- Relator(a)
- Ministro Felix Fischer
- Órgão julgador
- Quinta Turma
- Data do julgamento
- 12/02/2015
- Data de publicação
- 24/02/2015
STJ – Acórdão, Rel. Ministro Felix Fischer, Quinta Turma, j. 12/02/2015, p. 24/02/2015
PROCESSUAL PENAL. RECURSO ORDINÁRIO EM HABEAS CORPUS. ART. 33 DA LEI 11.343/2006. PRISÃO PREVENTIVA. GARANTIA DA ORDEM PÚBLICA. QUANTIDADE DA SUBSTÂNCIA APREENDIDA. CONSTRANGIMENTO ILEGAL. AUSÊNCIA DE FUNDAMENTAÇÃO. SEGREGAÇÃO CAUTELAR DEVIDAMENTE FUNDAMENTADA. RECURSO ORDINÁRIO DESPROVIDO. I - A prisão cautelar deve ser considerada exceção, já que, por meio desta medida, priva-se o réu de seu jus libertatis antes do pronunciamento condenatório definitivo, consubstanciado na sentença transitada em julgado. É por isso que tal medida constritiva só se justifica caso demonstrada sua real indispensabilidade para assegurar a ordem pública, a instrução criminal ou a aplicação da lei penal, ex vi do artigo 312 do Código de Processo Penal. A prisão preventiva, portanto, enquanto medida de natureza cautelar, não pode ser utilizada como instrumento de punição antecipada do indiciado ou do réu, nem permite complementação de sua fundamentação pelas instâncias superiores (HC n. 93498/MS, Segunda Turma, Rel.

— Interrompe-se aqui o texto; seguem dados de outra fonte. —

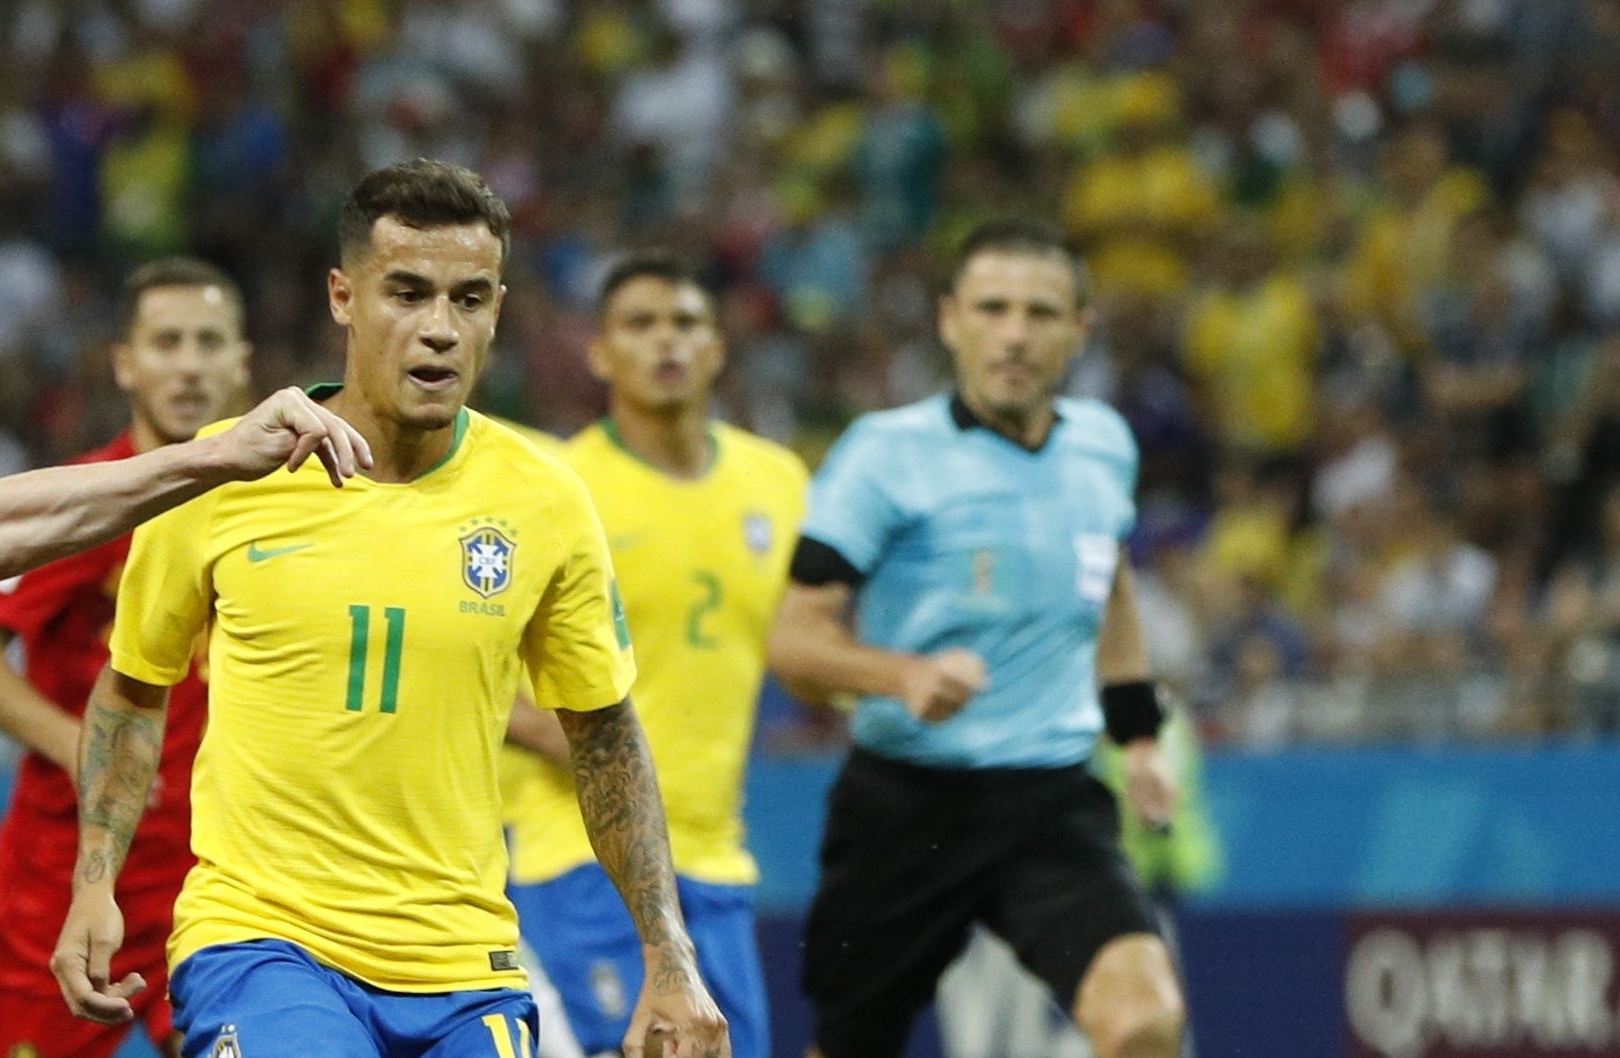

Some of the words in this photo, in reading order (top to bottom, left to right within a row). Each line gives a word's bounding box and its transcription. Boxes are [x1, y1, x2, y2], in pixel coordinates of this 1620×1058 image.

Min. Celso de Mello, DJe de 18/10/2012). II - O decreto prisional encontra-se devidamente fundamentado em dados concretos extraídos dos autos que evidenciam que a liberdade do ora recorrente acarretaria risco à ordem pública. III - In casu, o recorrente foi flagrado em casa destrinchando entorpecente, que se encontrava em formato de tablete (365 g de maconha). Foram apreendidos, também, um revólver calibre 38, um aparelho celular, fita adesiva, munição, uma faca tipo peixeira e R$ 78,00 (setenta e oito reais), dados que justificam a necessidade de manutenção da segregação cautelar, com fundamento na garantia da ordem pública. (Precedentes). IV - Inviável, na espécie, a aplicação das medidas cautelares alternativas à prisão, haja vista estarem presentes os requisitos para a decretação da prisão preventiva, consoante determina o art. 282, § 6º, do Código de Processo Penal. Recurso ordinário desprovido. (RHC n. 54.324/PA, relator Ministro Felix Fischer, Quinta Turma, julgado em 12/2/2015, DJe de 24/2/2015.)